Volvió a tomar la posta de las preguntas Malena Baro y solicitó una explicación acerca de cómo se iba a financiar el aumento para los estatales el próximo año, ante la falta de pauta salarial en el Presupuesto. A la duda nuevamente de si ello se podría cubrir con endeudamiento, Batakis respondió que el gobierno piensa cubrir el déficit con mayor control y presión de la evasión.

Fue entonces cuando entró en la conversación el senador oficialista Gustavo Oliva y dio pie a la situación más risueña del cónclave.

“Yo tengo un proyecto de Ley que tiene media sanción del Senado desde el año pasado, que es del posnet en los comercios de diversos rubros que no lo usan, como el gastronómico, inmobiliarias, turismo, servicios profesionales, y otros, que en su momento significaban unos nueve mil millones de pesos, y que hoy serían unos once mil millones. La ley se votó acá pero hace un año que está parada en la Comisión de Defensa del Consumidor de Diputados”, se quejó Oliva

-El presidente de esa comisión es (Rubén) Eslaiman –dijo otro legislador

-Sí, soy yo – reconoció el presidente del bloque del Frente Renovador en Diputados sentado al lado del oficialista que había realizado el planteo.

Oliva saltó de su silla como si tuviera un celoso resorte, extendió la mano derecha y con tono firme dijo:

-¿Ah, sos vos? Mucho gusto, soy Gustavo Oliva, a usted lo he estado buscando todo este año para avanzar con esa ley.

Inevitables las risas, y también inevitable que alguien pusiera un paño frío a la incipiente discusión con un conciliador “muchachos, después lo arreglan”.
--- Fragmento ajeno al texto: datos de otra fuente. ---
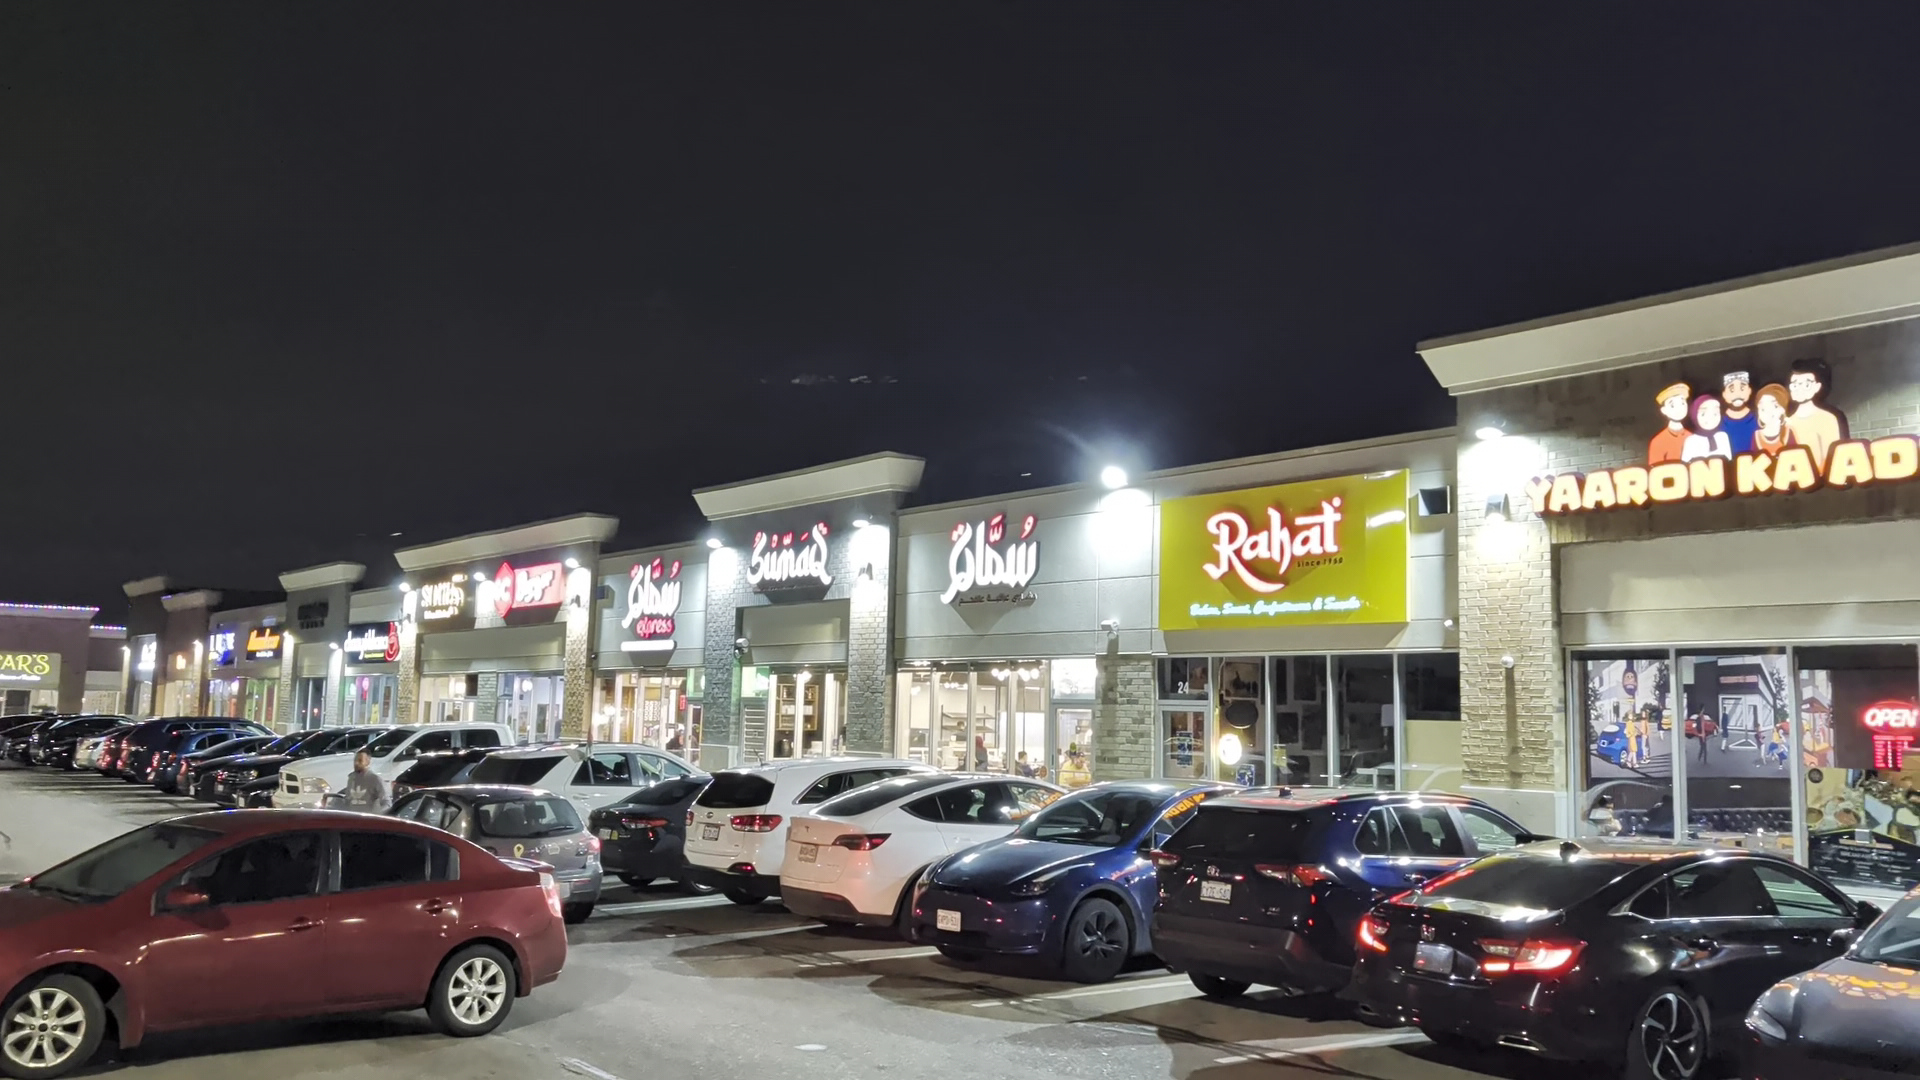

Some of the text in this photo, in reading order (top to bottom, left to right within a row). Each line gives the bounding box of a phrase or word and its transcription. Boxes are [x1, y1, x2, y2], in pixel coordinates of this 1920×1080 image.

[1525, 456, 1726, 513] YAARON
[1736, 447, 1815, 494] KA
[1202, 496, 1342, 593] Rahat
[0, 654, 50, 675] AR'S
[1177, 681, 1189, 694] 24
[1865, 708, 1919, 728] OPEN
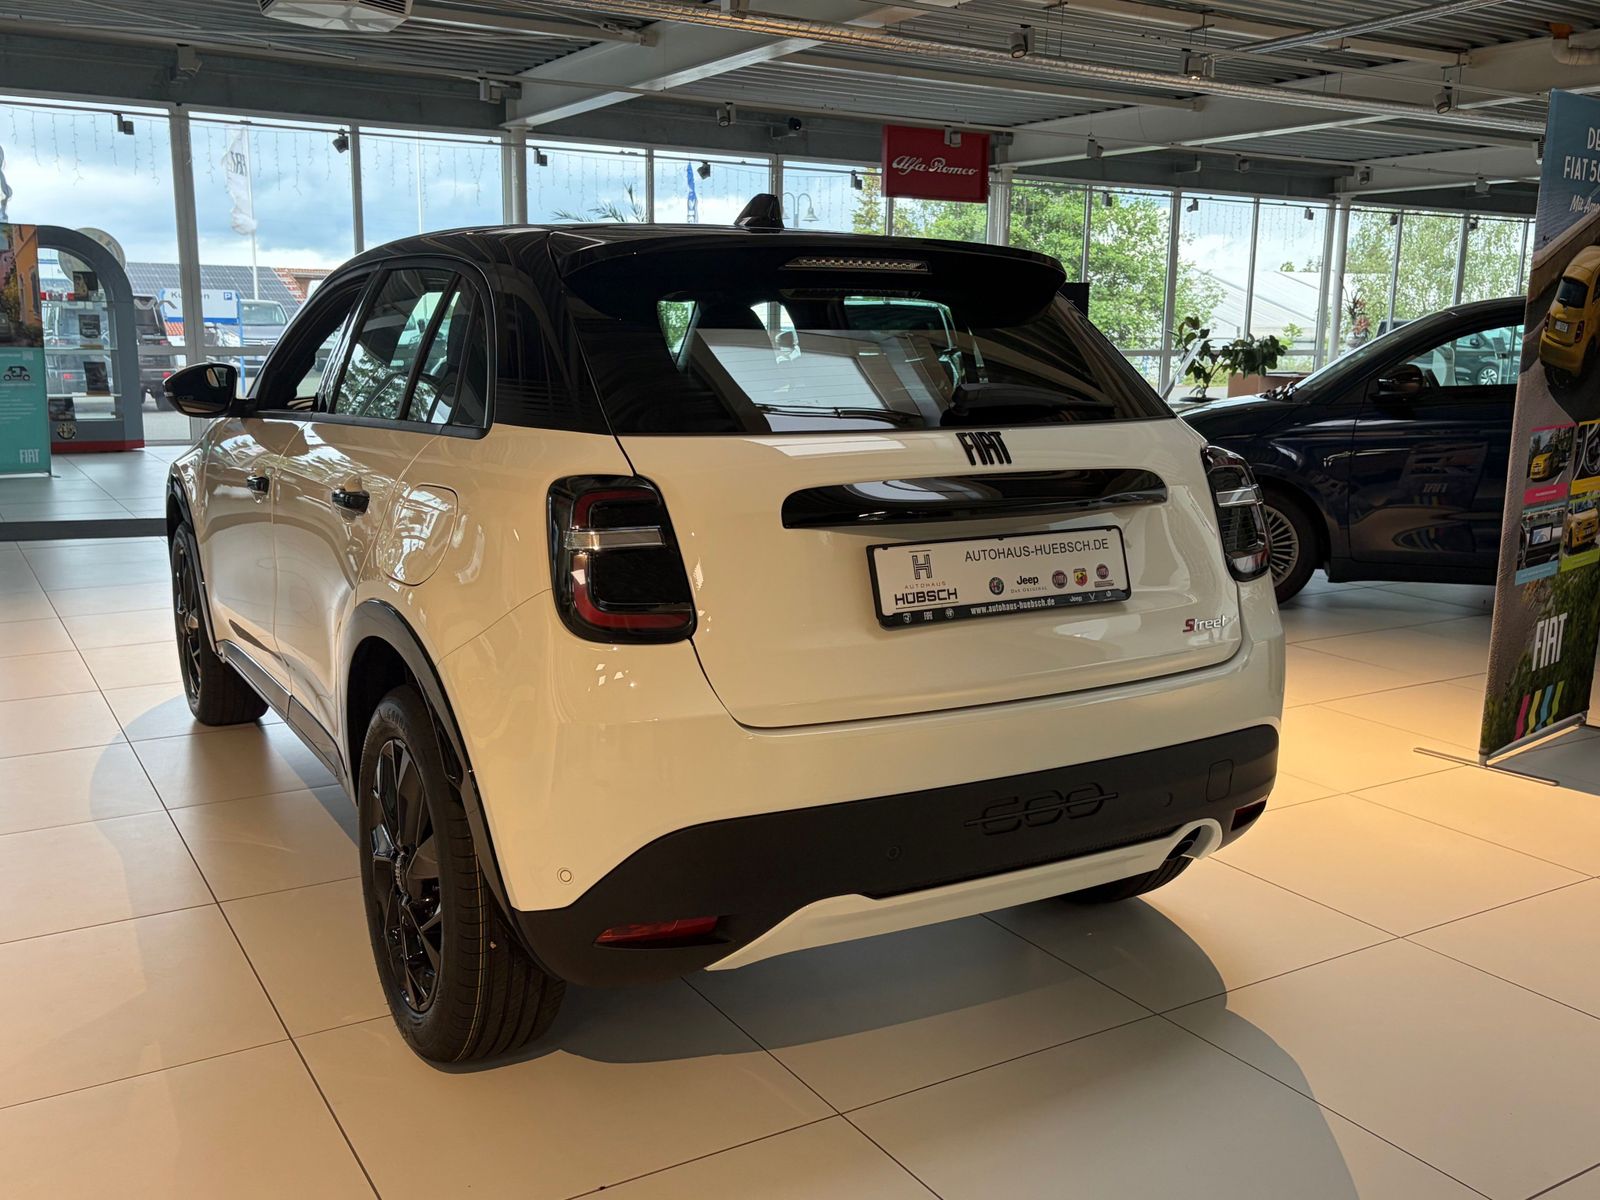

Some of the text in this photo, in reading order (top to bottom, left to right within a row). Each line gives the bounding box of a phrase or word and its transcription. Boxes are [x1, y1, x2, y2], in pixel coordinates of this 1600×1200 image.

No faltaron después del cónclave las especulaciones acerca de por qué el proyecto estaría frizado en la comisión de Eslaiman, quien tiene cercanía política con el sindicalista gastronómico Luis Barrionuevo. Se dice que uno de los sectores más difíciles de controlar fsicalmente es el de los restaurantes y afines.
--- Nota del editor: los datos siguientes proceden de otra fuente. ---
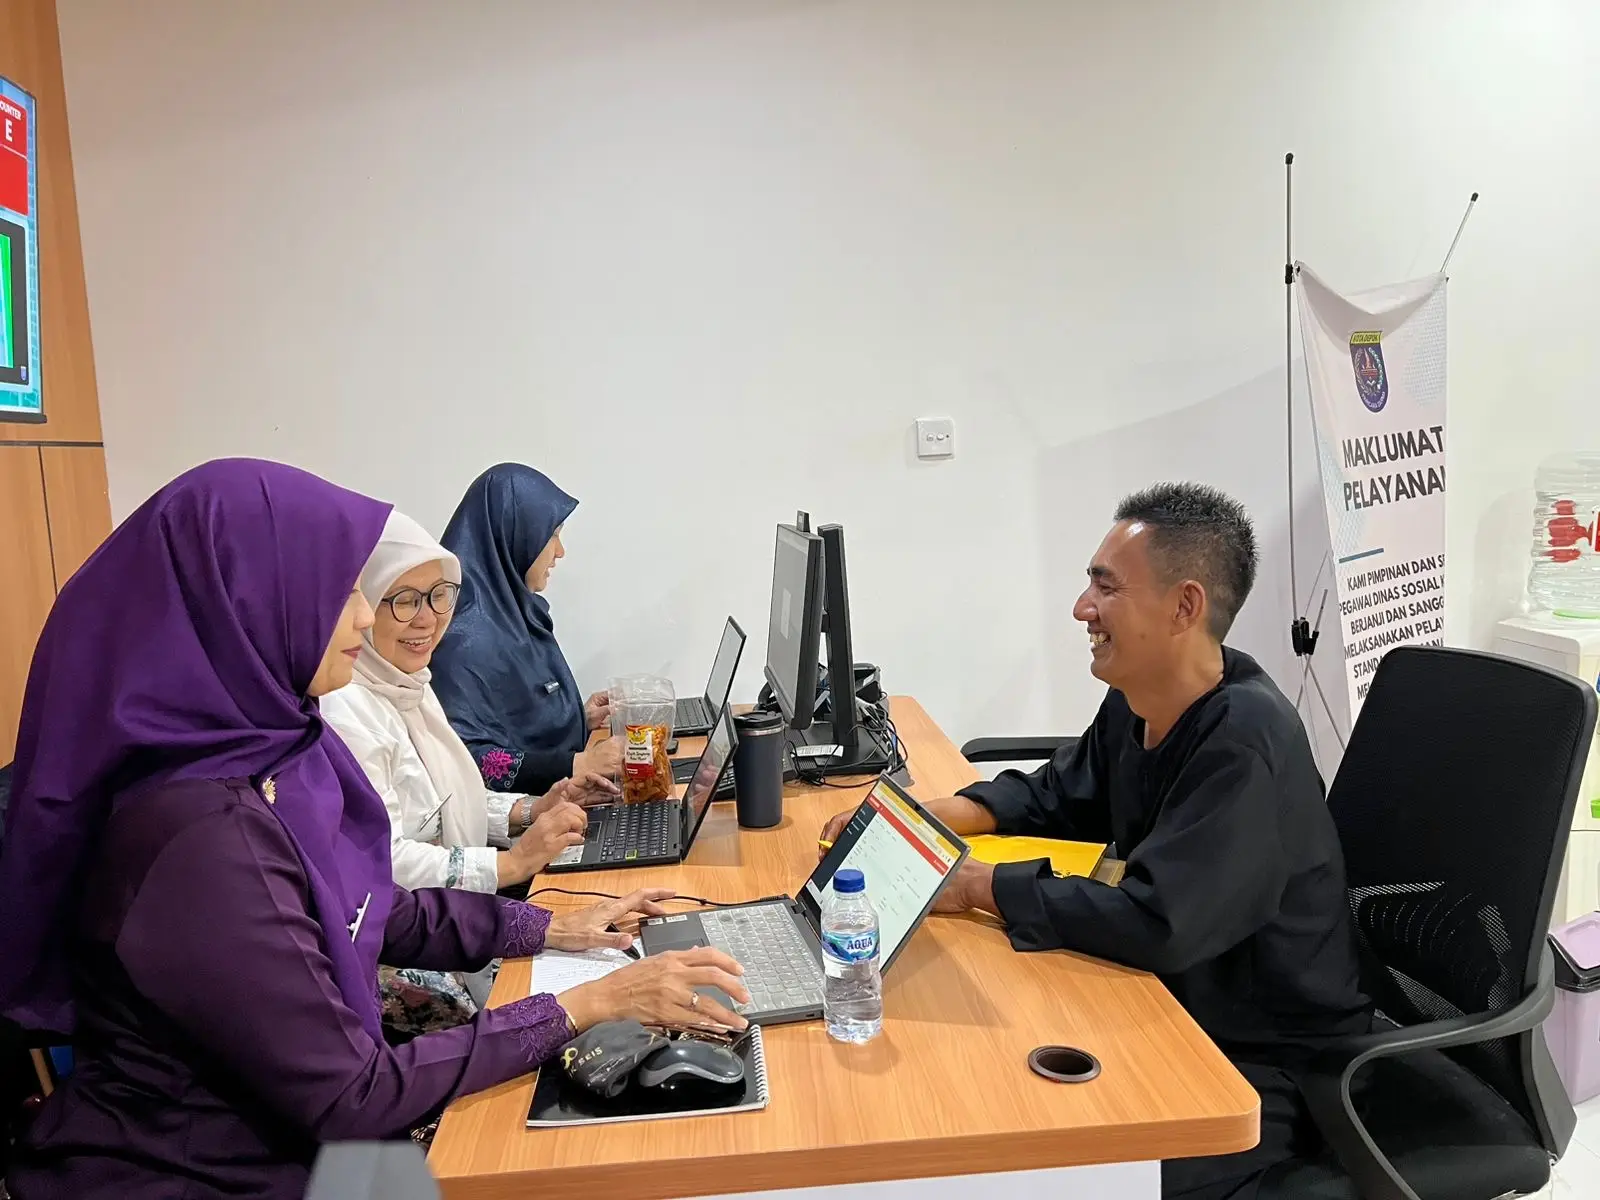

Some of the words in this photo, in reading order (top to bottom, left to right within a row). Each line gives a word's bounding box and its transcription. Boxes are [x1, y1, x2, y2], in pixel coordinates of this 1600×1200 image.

[5, 118, 13, 142] E
[1342, 425, 1444, 469] MAKLUMAT
[1347, 574, 1367, 592] KAMI
[1367, 562, 1411, 586] PIMPINAN
[1411, 556, 1437, 574] DAN
[1373, 586, 1400, 606] DINAS
[1402, 577, 1440, 597] SOSIAL
[1350, 611, 1385, 635] BERJANJI
[1386, 606, 1408, 624] DAN
[1344, 625, 1416, 660] MELAKSANAKAN
[1353, 656, 1383, 678] STAND
[846, 937, 873, 950] AQUA
Pero ese es otro tema. Volvamos a la reunión. No sólo los del Frente Renovador patinaron en un par de ocasiones. Desde ese sector se quedaron con ganas de escuchar las respuestas de Batakis a dos preguntas puntuales. Una fue por qué en el Presupuesto 2014 no aparece la previsión estipulada en los artículos 40 y 43 de la ley de leyes en vigencia, sobre la prohibición de utilizar fondos para gastos operativos

Tampoco contestó la ministra el planteo de por qué es tan baja la inversión en infraestructura para el sistema penitenciario, que según la oposición muestra un declive año a año.

Cuando se habló de la Ley Impositiva, Batakis explicó las razones por las cuales se instrumentaba la contribución especial del 18% en el Inmobiliario, y expresó las intenciones del Ejecutivo de tomar las propuestas para analizarlas.
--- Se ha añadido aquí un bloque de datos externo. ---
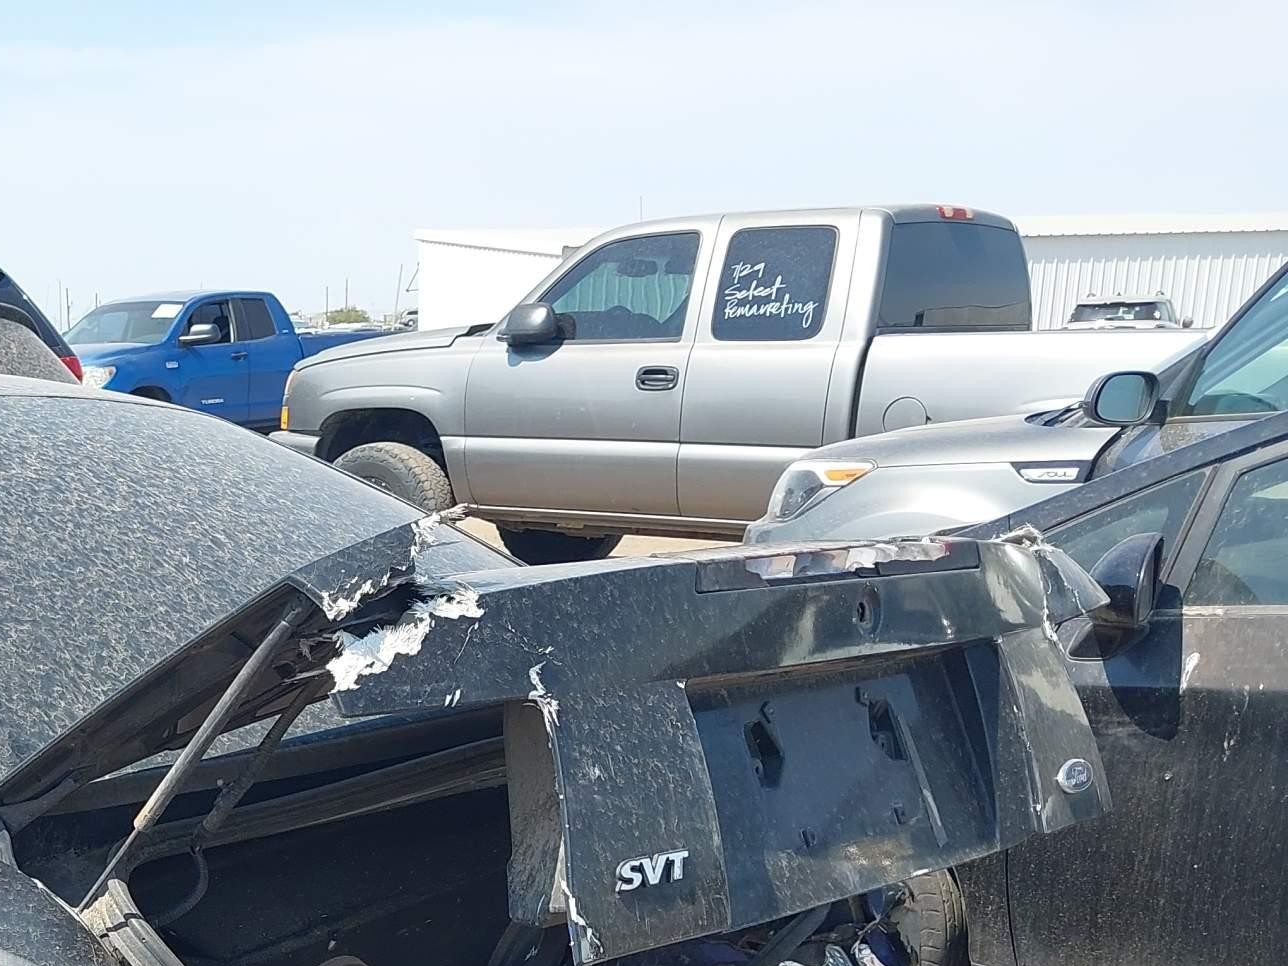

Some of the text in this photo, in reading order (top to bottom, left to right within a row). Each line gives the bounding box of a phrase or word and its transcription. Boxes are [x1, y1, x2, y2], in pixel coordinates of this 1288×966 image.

[731, 261, 766, 285] 7/29
[724, 274, 787, 301] Select
[615, 849, 689, 892] SVT
El diputado de la Coalición Cívica Walter Martello tomó rápidamente la posta y esgrimió algunas alternativas para reducir el incremento en el inmobiliario. Pidió gravar más los Ingresos Brutos al juego, la TV por cable, la telefonía celular y algunas otras actividades, además de hacer contribuir ese tributo a actividades que actualmente están exentas.

No hubo mucho más en cuanto a propuestas de la oposición, y Batakis se llevó el reclamo de los legisladores por las ausencias todavía en la Legislatura de los ministros de Seguridad, Infraestructura, y Educación.